The Rhode Island Department of Health Diabetes, Heart Disease, and Stroke (RIDHDS) Program will utilize funding opportunity MP-CPI-24-001 to apply knowledge from past and existing quality improvement and community initiatives to develop the project Providence Community Advisory Network (Providence CAN). The Providence Community Advisory Network will be formed and convened monthly in Year 1 and quarterly thereafter and will consist of members of the population of focus, community-based organizations that directly represent and serve the population of focus, CHWs, and clinicians to inform and engage in the project design, implementation, and evaluation. This inclusion will allow RIDHDS and contributing partners to thoughtfully address racial, ethnic, socioeconomic, and other social determinants of health (SDOH) that exist among the population of focus and to contribute to disparities in heart disease, hypertension (HTN), and diabetes. The goal of Providence CAN project is to improve HTN management and diabetes prevention among Providence residents that are served by the four safety-net clinics, three Providence-based HEZs, and their subnetworks of community-based partners.
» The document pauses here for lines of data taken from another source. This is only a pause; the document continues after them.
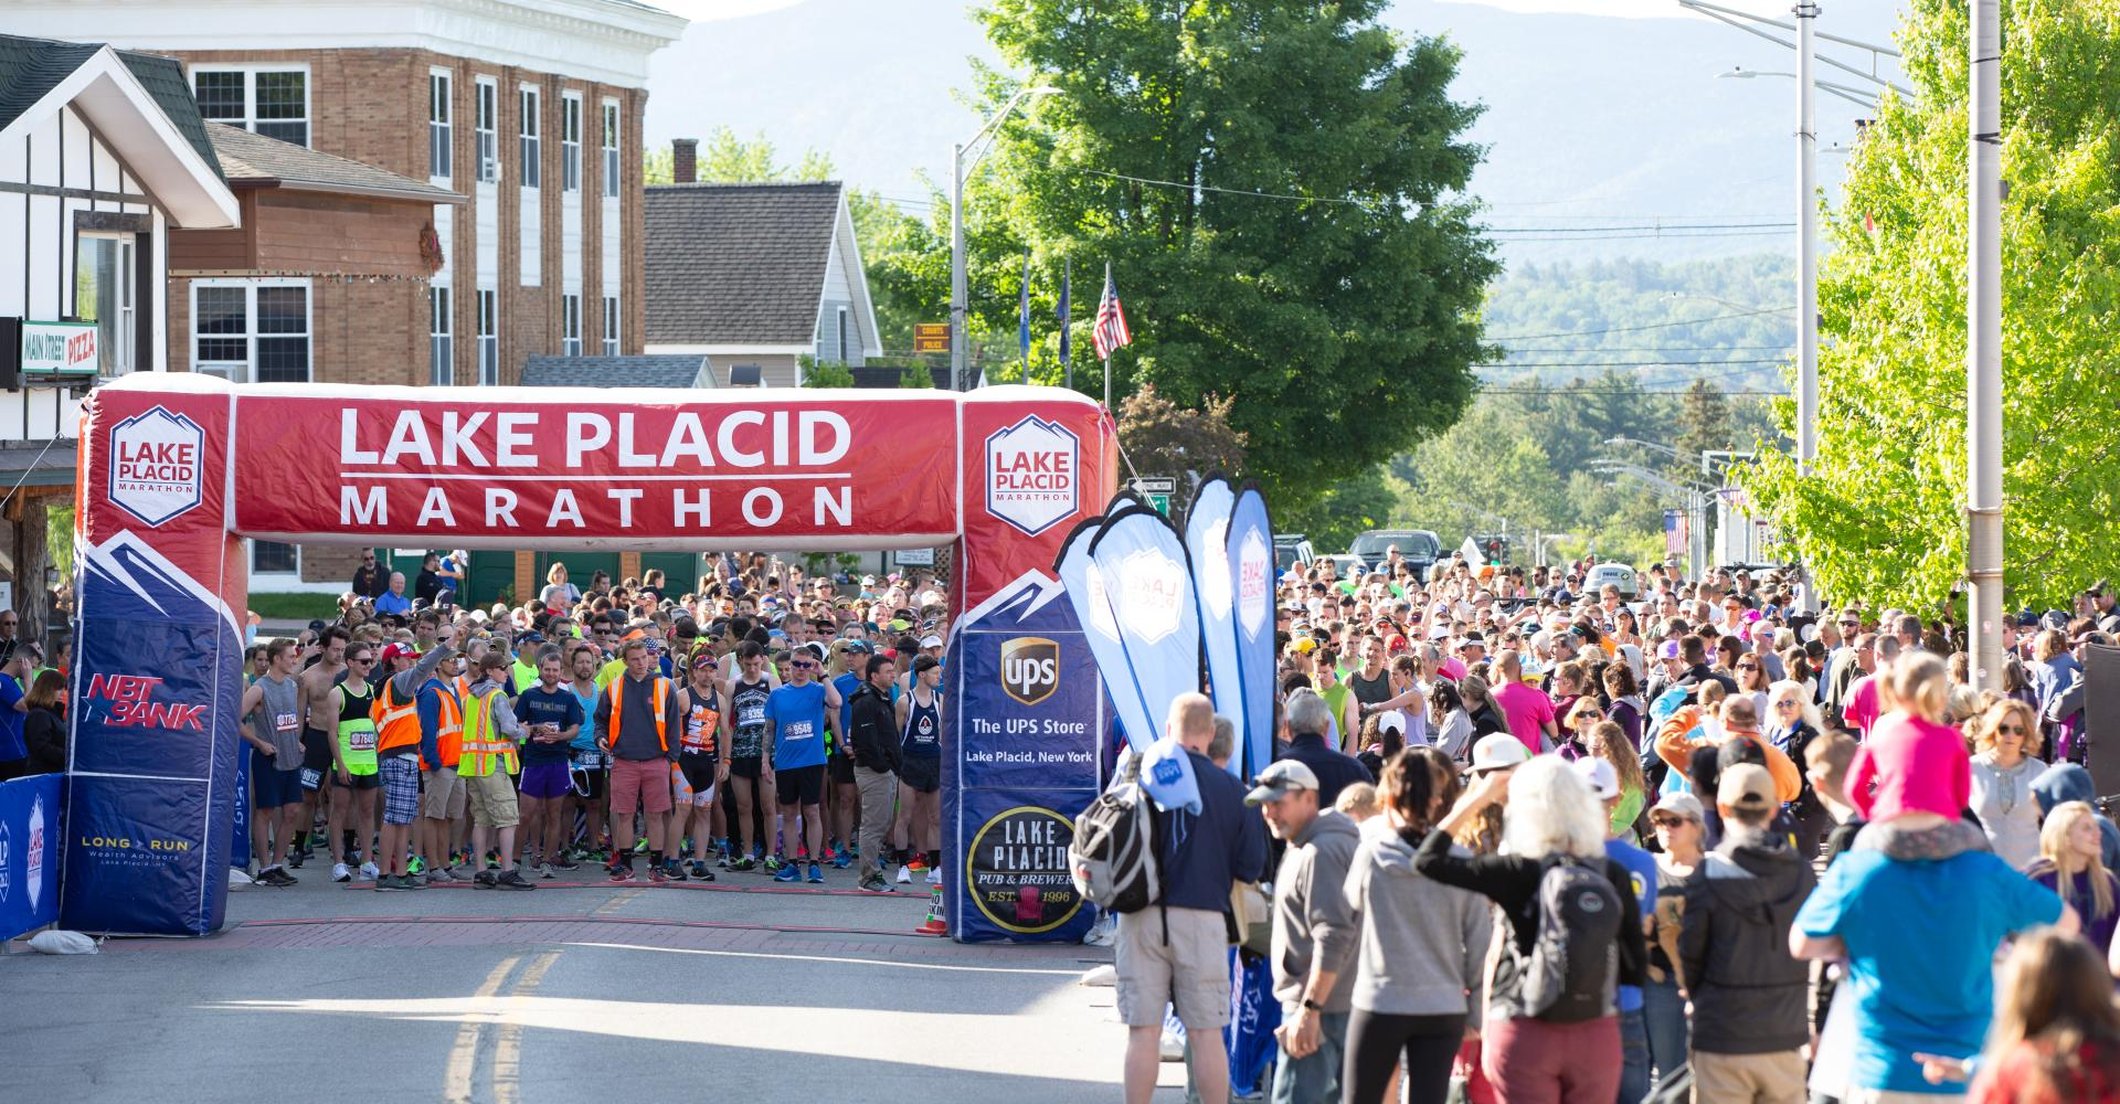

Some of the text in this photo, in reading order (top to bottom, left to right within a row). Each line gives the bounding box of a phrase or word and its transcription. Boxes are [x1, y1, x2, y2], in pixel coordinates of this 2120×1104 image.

[25, 329, 95, 365] MAIN STREET PIZZA
[341, 408, 851, 468] LAKE PLACID
[119, 441, 194, 465] LAKE
[996, 451, 1070, 473] LAKE
[119, 464, 193, 481] PLACID
[996, 474, 1070, 490] PLACID
[119, 483, 193, 493] MARATHON
[341, 486, 852, 528] MARATHON
[88, 673, 164, 700] NBT
[1005, 657, 1055, 695] ups
[104, 700, 207, 731] BANK
[972, 718, 1085, 734] The UPS Store
[966, 751, 1092, 764] Lake Placid, New York
[1005, 820, 1056, 844] LAKE
[82, 836, 188, 851] LONG RUN
[89, 851, 179, 861] Wealth Advisors
[993, 846, 1066, 870] PLACID
[978, 874, 1073, 884] PUB & BREWER
[988, 891, 1070, 902] EST. 1996
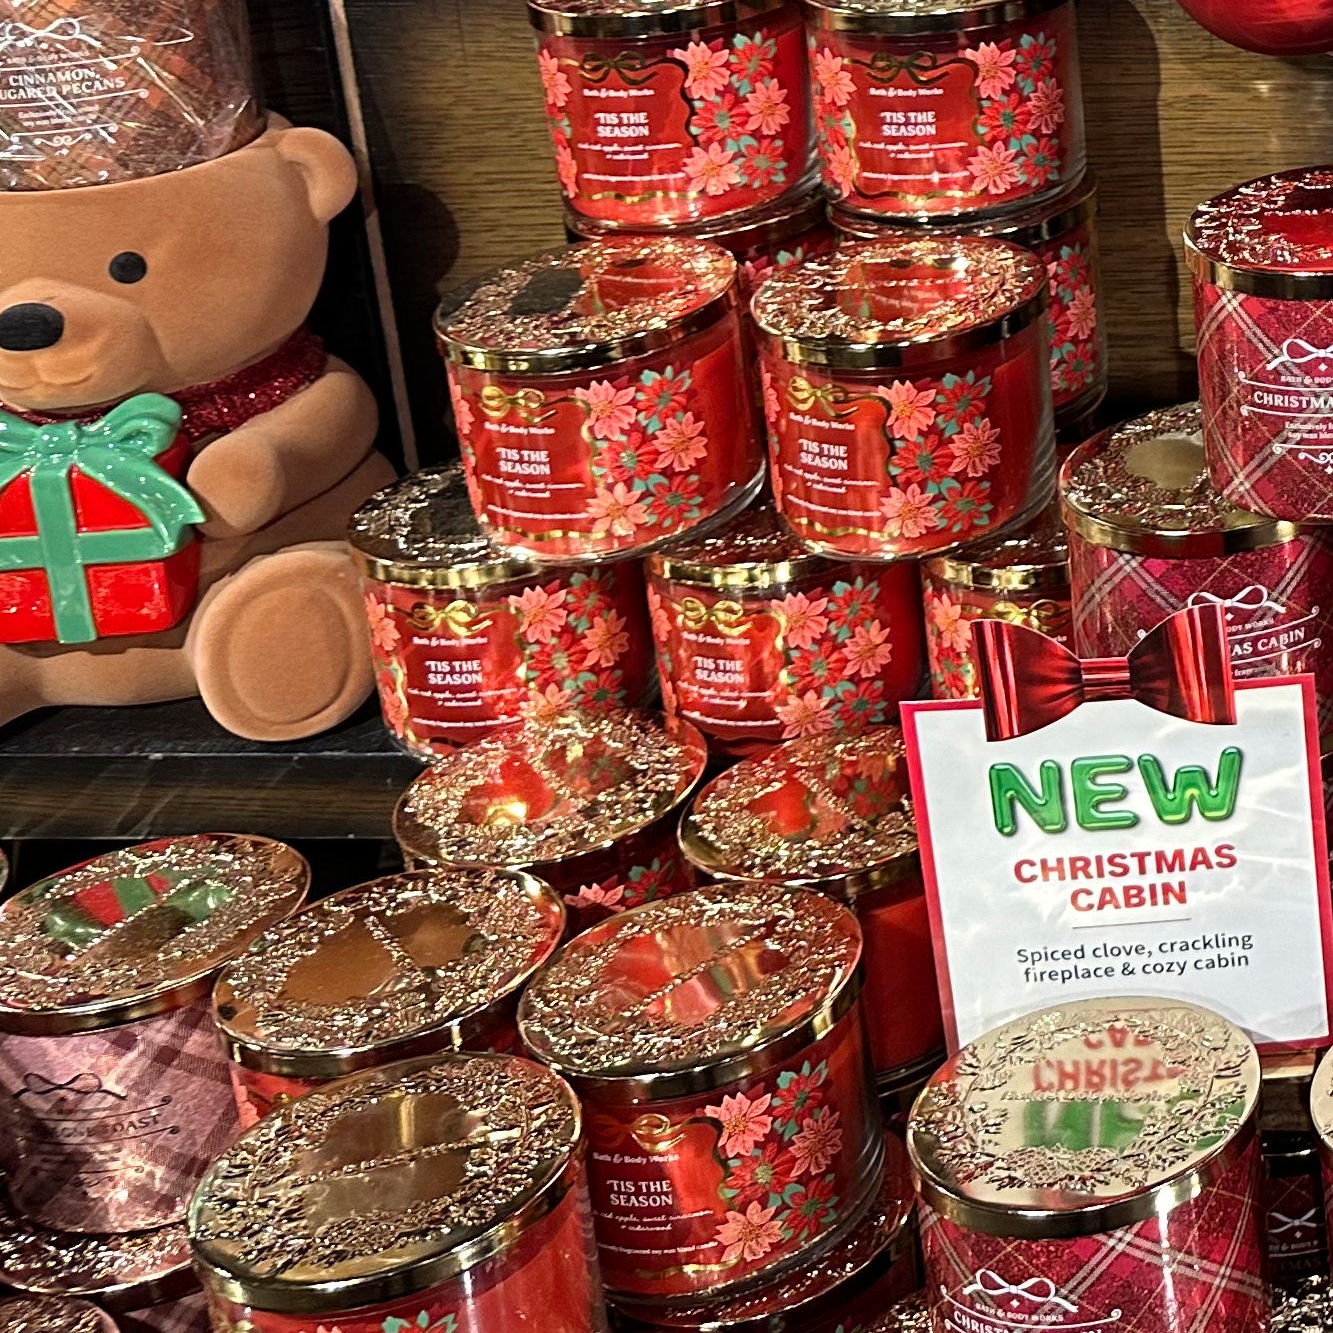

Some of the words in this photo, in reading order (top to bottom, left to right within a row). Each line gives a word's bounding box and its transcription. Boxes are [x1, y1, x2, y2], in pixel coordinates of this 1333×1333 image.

[0, 87, 57, 100] UGARED
[62, 77, 125, 95] PECANS
[621, 112, 649, 124] THE
[908, 111, 936, 123] THE
[597, 125, 649, 138] SEASON
[882, 124, 937, 137] SEASON
[522, 450, 549, 461] THE
[822, 443, 848, 457] THE
[499, 461, 550, 474] SEASON
[800, 452, 848, 470] SEASON
[1258, 627, 1305, 651] CABIN
[452, 660, 481, 672] THE
[717, 659, 743, 671] THE
[428, 673, 483, 685] SEASON
[695, 670, 745, 684] SEASON
[988, 745, 1244, 838] NEW
[1013, 844, 1238, 884] CHRISTMAS
[1070, 881, 1188, 912] CABIN
[1017, 944, 1086, 966] Spiced
[1092, 943, 1153, 958] clove,
[1158, 932, 1254, 954] crackling
[1023, 966, 1115, 984] fireplace
[1121, 962, 1136, 976] &
[1142, 960, 1187, 975] cozy
[1193, 953, 1250, 970] cabin
[105, 1114, 161, 1133] OAST
[606, 1179, 636, 1193] 'TIS
[642, 1179, 672, 1193] THE
[609, 1193, 673, 1207] SEASON
In Rhode Island, heart disease is the leading cause of death, while diabetes is the 8th leading cause of death. Within this statistic, demographic and economic disparities exist among those who are diagnosed with coronary heart disease and diabetes. RIDHDS is proposing to build a Network of community and clinical partners to close the disparities and decrease prevalence of chronic disease across RI. The project will develop, implement, and evaluate community-level innovations including: (1) the community-led Network with trusted messengers, (2) CHW clinical interventions within the Network, and (3) mini-grant opportunities from the Network that will reflect the cultural and linguistic preferences of the population of focus. Providence CAN will catalyze community engagement to reduce barriers to the Healthy People 2030 SDOH Domains for (1) “Social and Community Context” and (2) “Health Care Access and Quality” and make progress toward Health People 2030 Leading Health Indicators (LHI) targets for (1) hypertension (Increase the proportion of adults with hypertension whose blood pressure is under control) and (2) diabetes prevention (Reduce the annual number of new cases of diagnosed diabetes in the population).
The RIDHDS approach will leverage current partnerships with the Providence Health Equity Zones (HEZ), community-based organizations, community members, and the safety-net clinics. These existing networks and relationships indicate that the Providence community well positioned to establish a collaborative community network to co-design and implement project activities to strengthen and reduce barriers to community support services and resources and connect individuals to preventive health services through community-level innovations. RIDHDS will also build on existing partnerships with the Community Health Worker Association of Rhode Island to support the CHW workforce, the Care Transformation Collaborative of Rhode Island for project support, Advocates for Human Potential for EHR/HIT support, and Brown University for evaluation support.